Tuttavia io vedo la sincerità del vostro consiglio, ed ho fiducia (e sempre l’ho avuta) nella prudenza vostra: cosicchè di mia spontanea volontà acconsento ad ammogliarmi, più presto che sarà possibile. Ma in quanto alla profferta che oggi stesso mi fate di scegliermi la moglie, ve ne dispenso, e pregovi di non darvene pena.
Poichè Dio sa quante volte i figli crescono indegni del padre loro; la bontà è un dono di Dio; e non si eredita da chi ci ha generato e messo al mondo: io ho fiducia nella bontà di Dio, e perciò a lui affido il mio matrimonio, il mio stato, e tutto il resto; sia fatta la sua volontà.
Lasciatemi libero nella scelta della moglie; io solo voglio averne la responsabilità: voi invece, vi prego, assicuratemi, e giuratelo sulla vita vostra, che qualunque sia la donna che io prenderò per moglie, l’amerete, per tutta la sua vita, con le parole e coi fatti, qui e in qualunque luogo, come se fosse la figlia di un imperatore.
E dovete giurarmi inoltre, che non avrete nulla da ridire e da opporre alla mia scelta.
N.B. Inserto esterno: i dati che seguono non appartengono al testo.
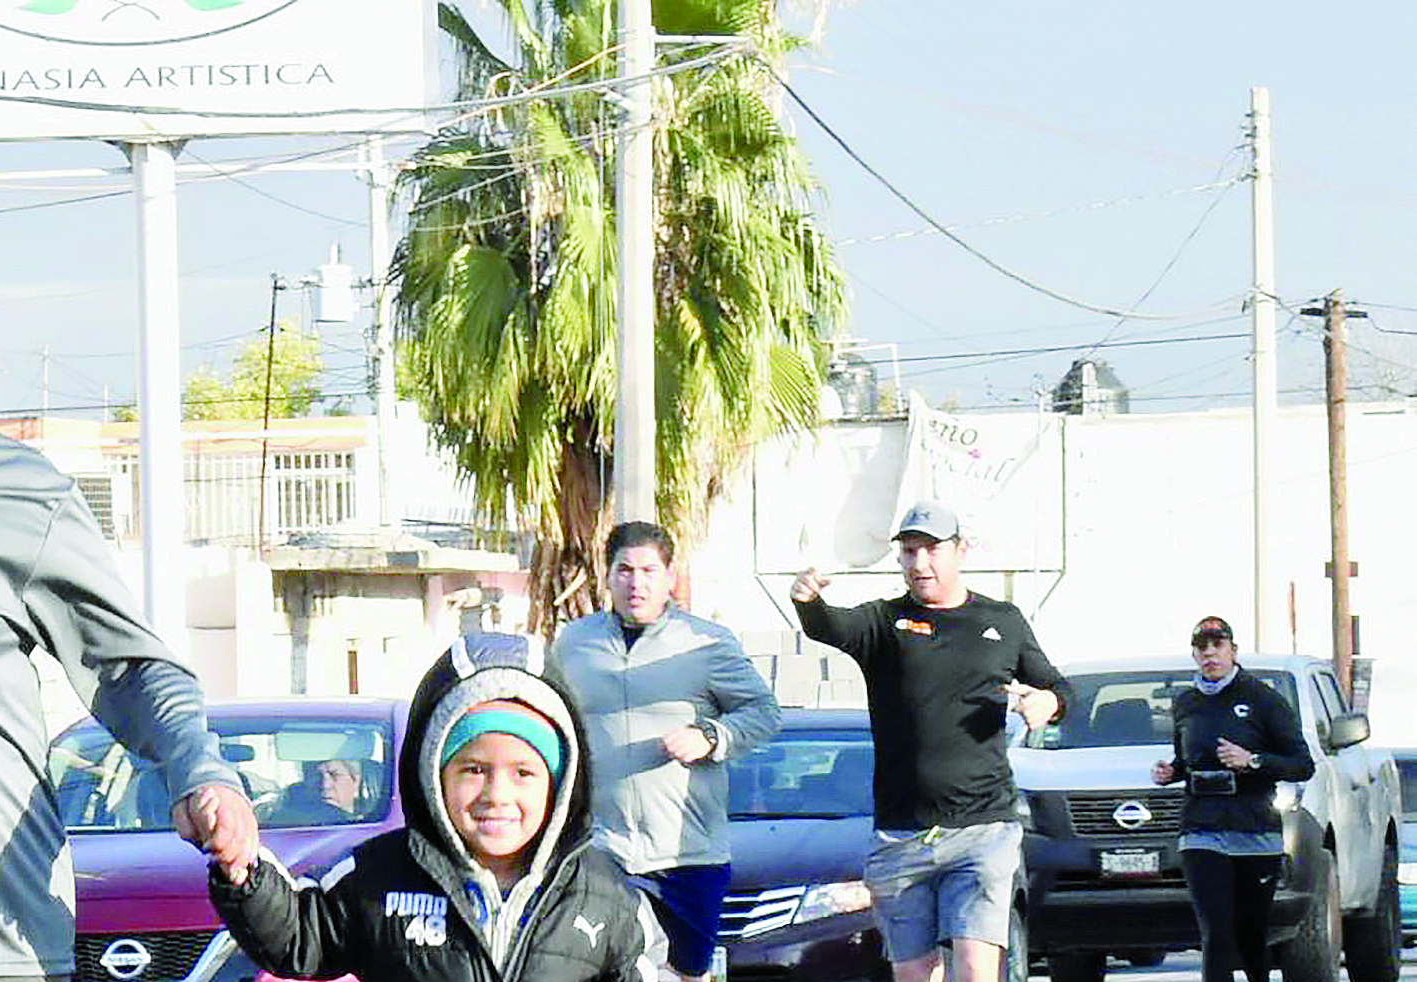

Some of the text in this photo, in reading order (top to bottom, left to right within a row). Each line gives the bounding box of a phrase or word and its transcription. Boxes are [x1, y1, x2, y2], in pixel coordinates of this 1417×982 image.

[123, 63, 335, 88] ARTISTICA
[386, 892, 448, 917] PUMA
[405, 915, 447, 946] 48
Giacchè io per contentarvi sacrifico la mia libertà per tutta la mia vita, intendo di sposare quella che al mio cuore piacerà: ove non vogliate accettare queste condizioni, vi prego di non parlarmene più.»
Tutti fino ad uno assentirono e giurarono; pregandolo però, prima di tornarsene, a voler fissar loro un giorno determinato, e più vicino che fosse possibile, dentro il quale si sarebbero celebrate le sue nozze. Poichè altrimenti al popolo resterebbe ancora un po’ di paura, che il marchese non si dovesse risolvere ad ammogliarsi.
Egli fissò loro un giorno, a suo piacimento, nel quale immancabilmente sarebbe andato a nozze, dicendo di volerli anche in questa cosa contentare; ed essi inginocchiatisi pieni di umiltà e di rispetto, lo ringraziarono, e, ottenuto il loro intento, se ne ritornarono a casa.
Il marchese intanto ordina ai suoi funzionari di fare i preparativi per la festa; e ne commette l’incarico a quelli dei suoi più intimi cavalieri e signori della corte, a cui più gli piace affidarsi: i quali pronti ad ogni suo comando, mettono tutto il loro impegno per fare onore alla festa.